──────── EXERCISE MATERIAL ────────
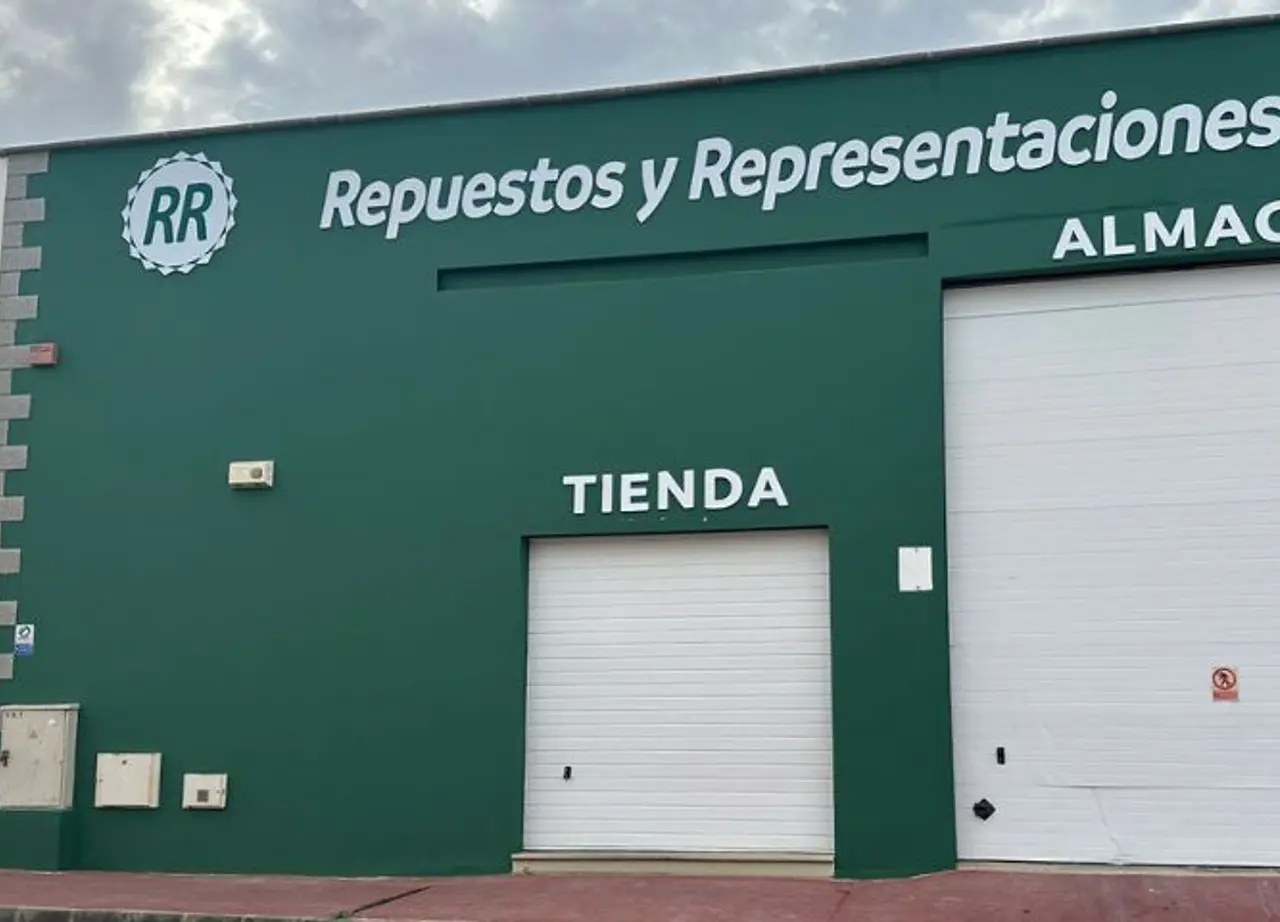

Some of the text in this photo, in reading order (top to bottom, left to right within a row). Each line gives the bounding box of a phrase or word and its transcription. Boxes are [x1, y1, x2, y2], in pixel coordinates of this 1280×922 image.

[142, 183, 214, 246] RR
[319, 157, 626, 241] Repuestos
[636, 157, 679, 224] y
[562, 466, 790, 515] TIENDA
────────
[ACTION ITEM] Please copy the preceding records exactly and omit the images.

[OUTPUT]
Some of the text in this photo, in reading order (top to bottom, left to right within a row). Each line gives the bounding box of a phrase or word and its transcription. Boxes are [x1, y1, x2, y2], in pixel coordinates of this 1280×922 image.

[142, 183, 214, 246] RR
[319, 157, 626, 241] Repuestos
[636, 157, 679, 224] y
[562, 466, 790, 515] TIENDA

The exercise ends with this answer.